He did have a lot of facial hair, and chest hair, and arm hair, and leg hair.

OKAY, he was all hair, and hair meant he was not a boy. O_o

Beware the hair, mommas and poppas!

OF COURSE, I thought he was “the one”.

Father hates him? CHECK!

PERFECT!

That wasn’t really why I thought he was the one. I was young, but I was in love.
And contrary to all of my fathers…”instructions” let’s call them, I was certain that he was right for me.

I was only 15, but I was right.

***********

2003

I hit the big 2-1! I could now drink “legally”! Woohoo!

My high school sweetheart proposed on my 21st birthday, April Fool’s Day. Thankfully, it was not a prank!

But I wasn’t shocked. I did not break down in tears. Somewhere, there is footage on an old video camera that captured the moment. WHERE IS IT? I don’t know, but the important thing is: I. did. not. cry.

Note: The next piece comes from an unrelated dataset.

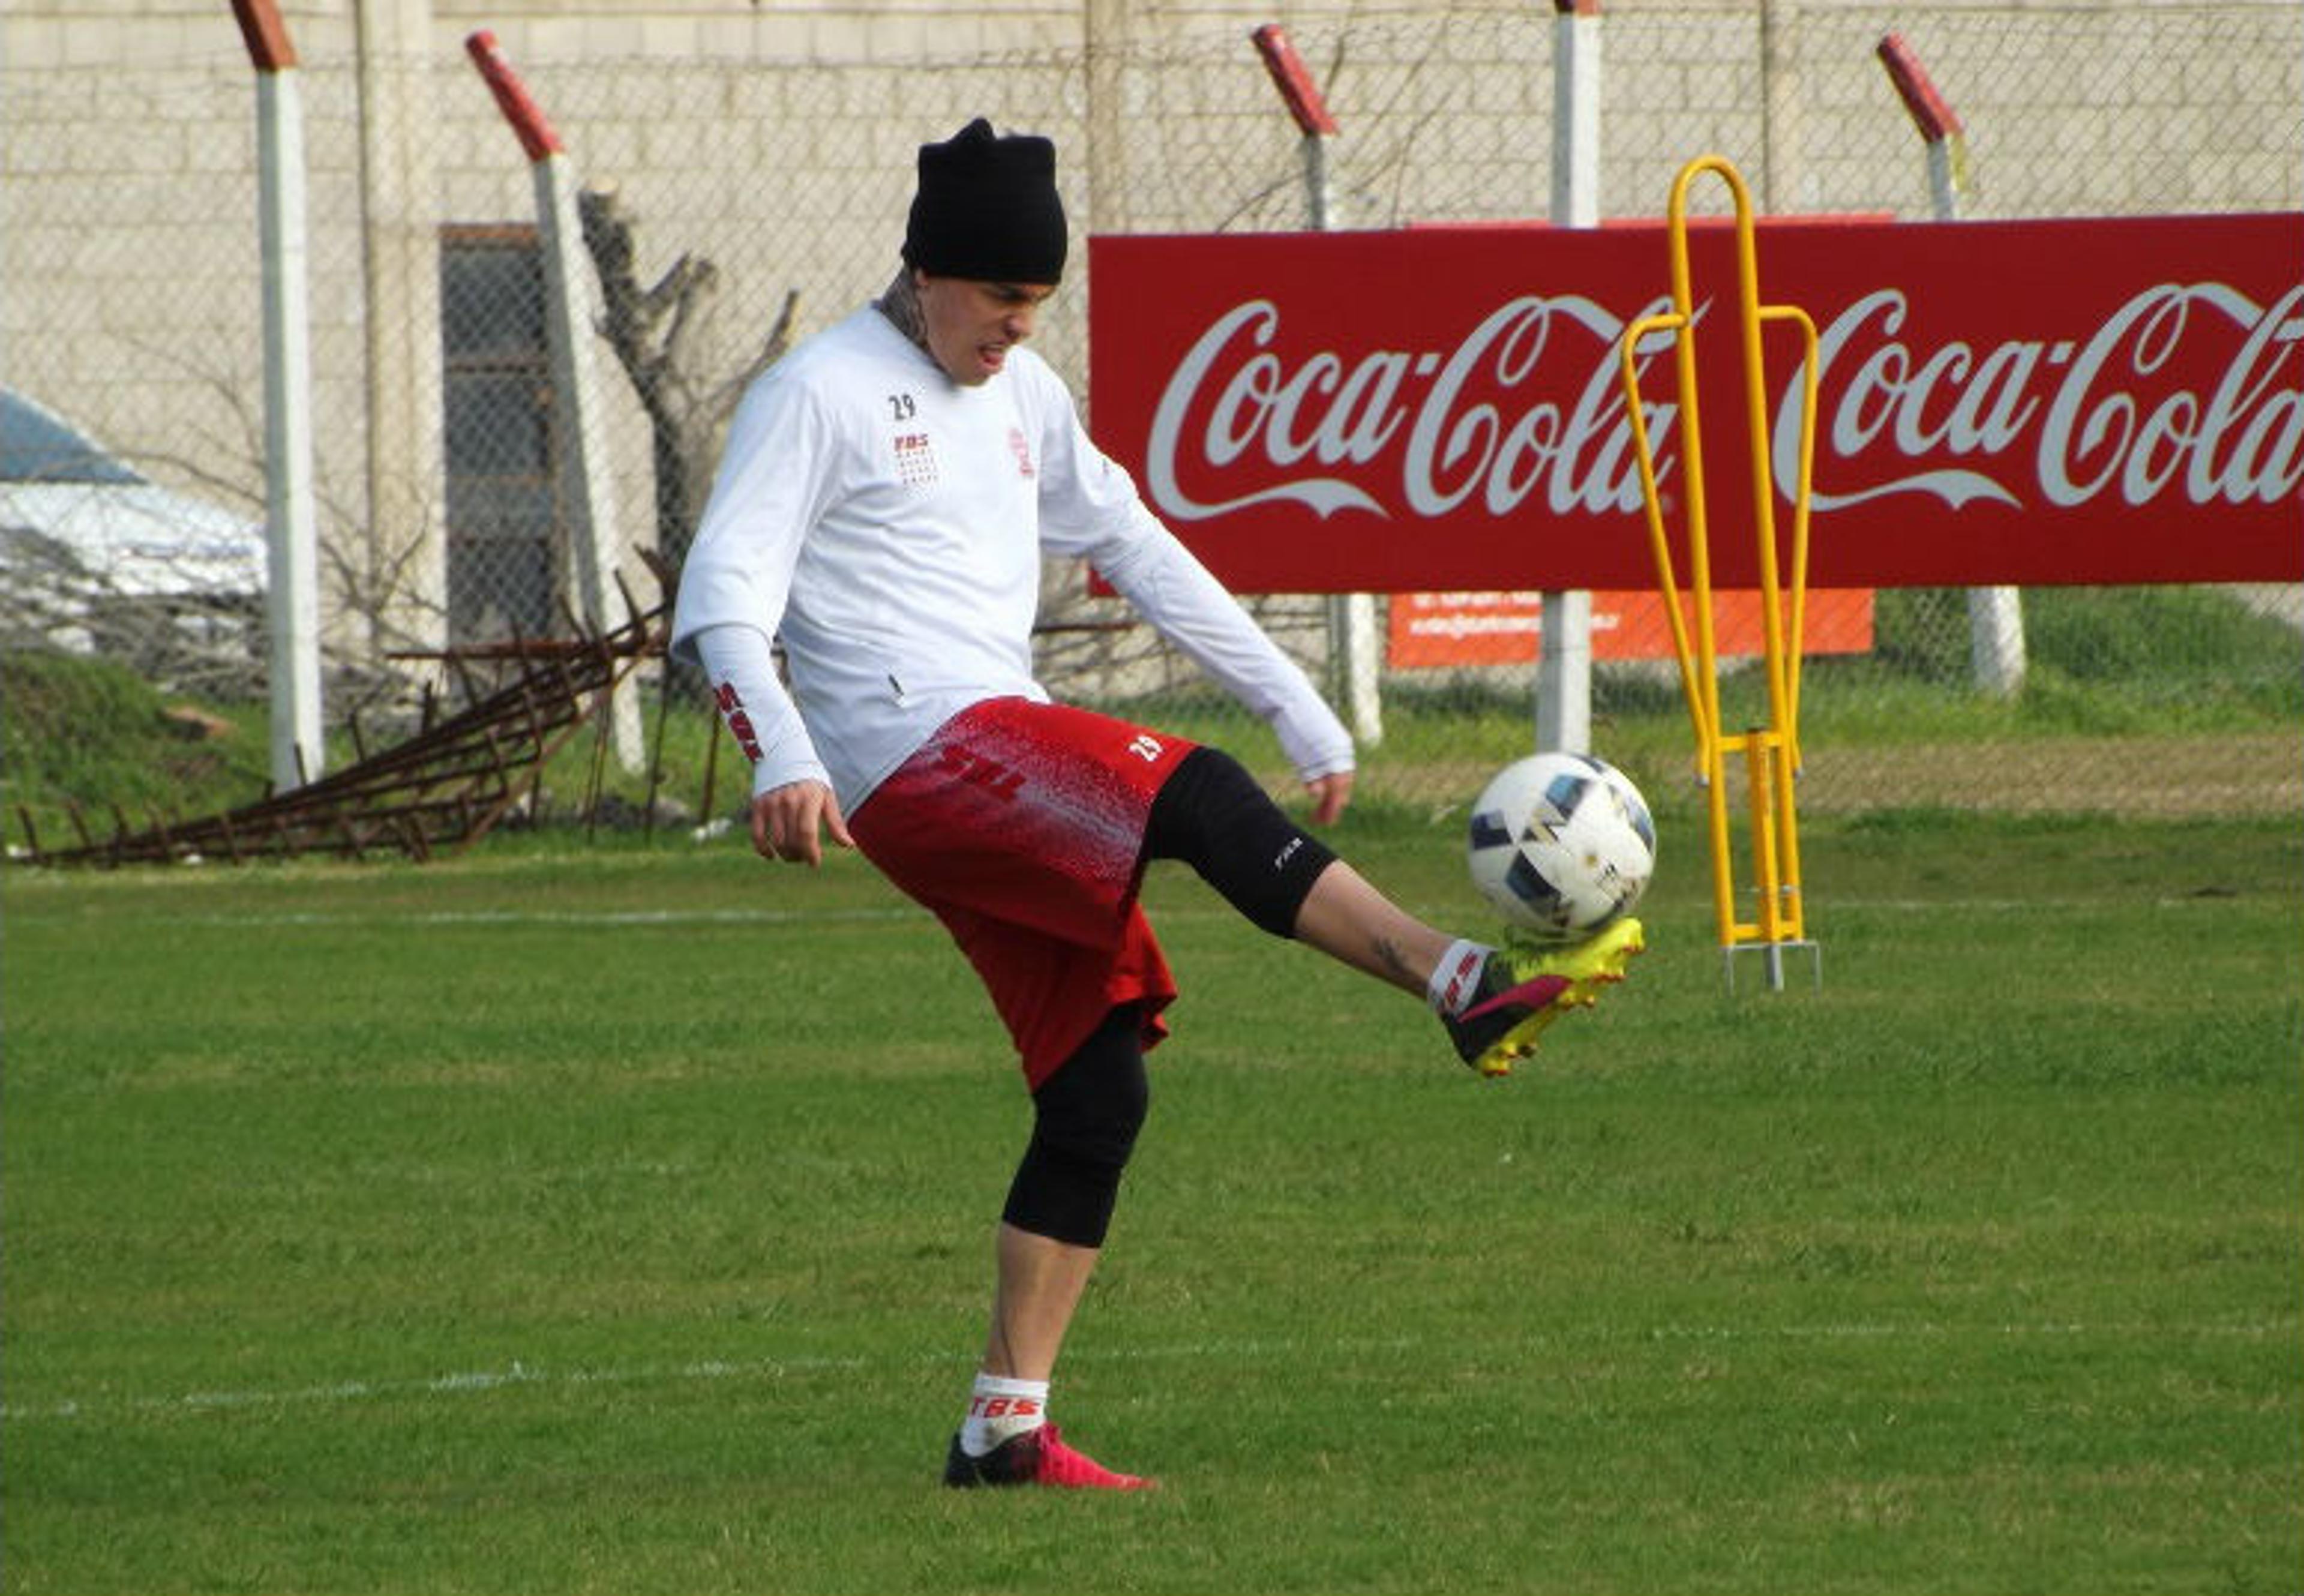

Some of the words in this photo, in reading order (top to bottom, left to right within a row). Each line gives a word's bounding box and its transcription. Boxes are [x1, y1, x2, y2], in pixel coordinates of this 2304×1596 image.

[888, 394, 916, 420] 29
[1147, 296, 1713, 521] Coca-Cola
[1772, 282, 2304, 512] Coca-Cola
[1129, 735, 1163, 762] 29

Am I heartless or cold-hearted? Some might say yes.

But I wasn’t. I didn’t cry because I wasn’t shocked. I loved him, and I knew he loved me. I wanted to get married eventually, but we had what mattered the most already- love and each other. So I said yes, slipped the ring on my finger, and we went upon our merry way.

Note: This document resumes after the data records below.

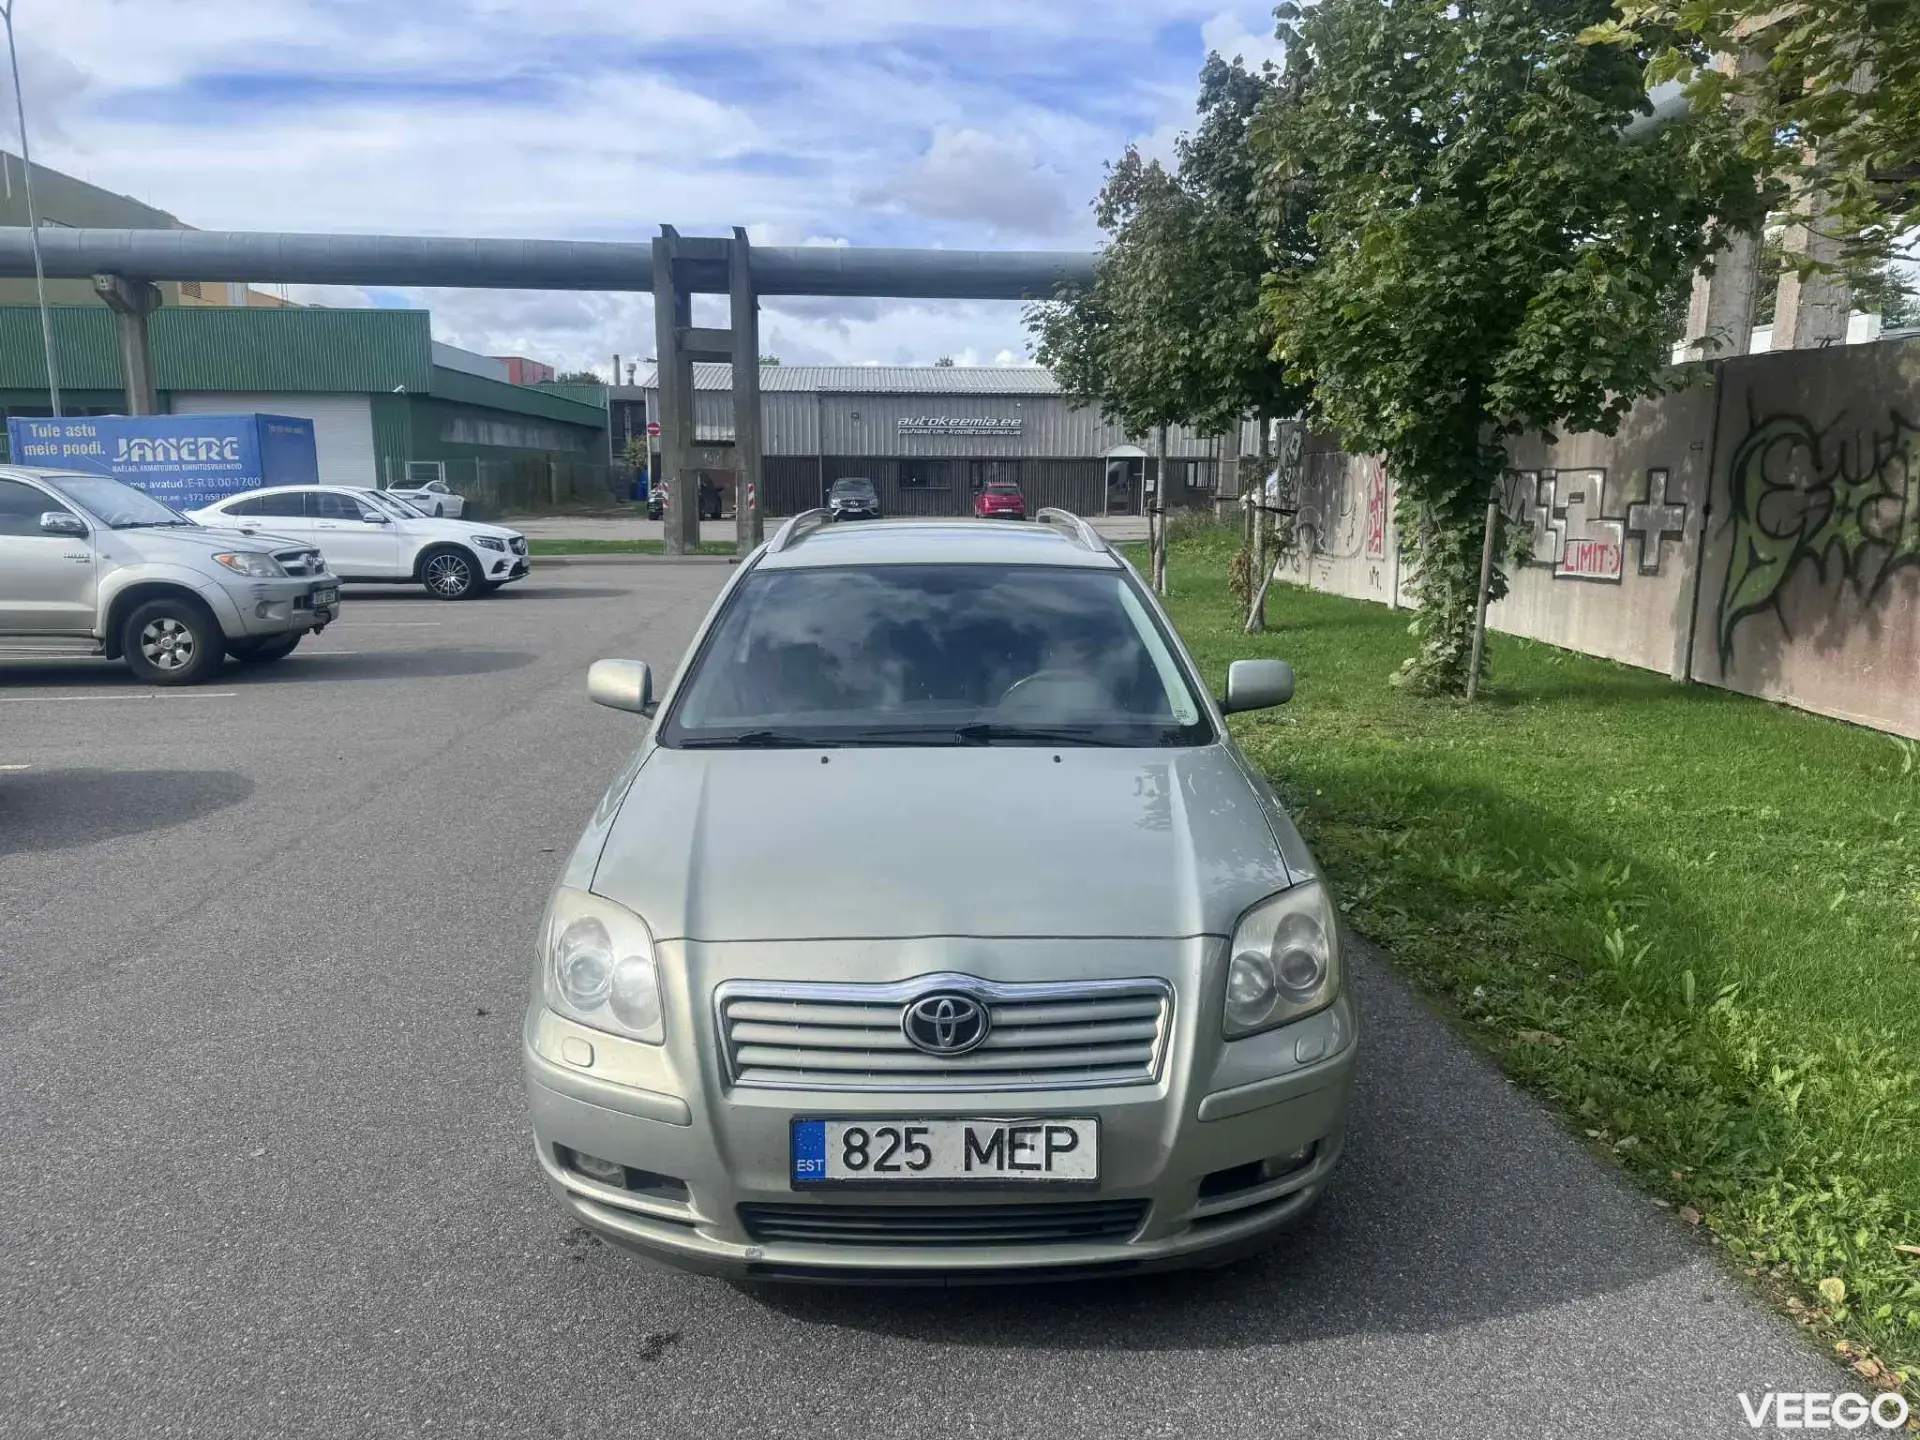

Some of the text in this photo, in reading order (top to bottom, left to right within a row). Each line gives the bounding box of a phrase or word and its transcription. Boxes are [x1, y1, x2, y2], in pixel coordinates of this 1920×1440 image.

[898, 415, 1021, 426] autokeemia.ee
[30, 424, 96, 437] Tule astu
[24, 441, 106, 457] meie poodi.
[112, 437, 240, 462] JANERE
[796, 1125, 1079, 1172] EST 825 MEP

We are now 10 years into the marriage and ready for Divorce…

HAHA! Just kidding. We’ve got 4 amazing kids, and I couldn’t be happier. I do cry a lot more these days, though. Once you have kids your hormones and emotions just spiral out of control. Okay, that could just be me… Moms?
My best friend is still that.

Our friendship was like a butterfly that reincarnated back to a larvae, and metamorphosed again after college. (I totally had to look up that word… Metamorphosed, doesn’t really roll off the tongue.)  We both got pregnant with our first child around the same time, and now our little caterpillars are going to grow up together. #Cliches #Metaphors

**********

Life can be exciting, but unpredictable.

My life is not perfect. It’s great; not perfect. But I am happy, nevertheless.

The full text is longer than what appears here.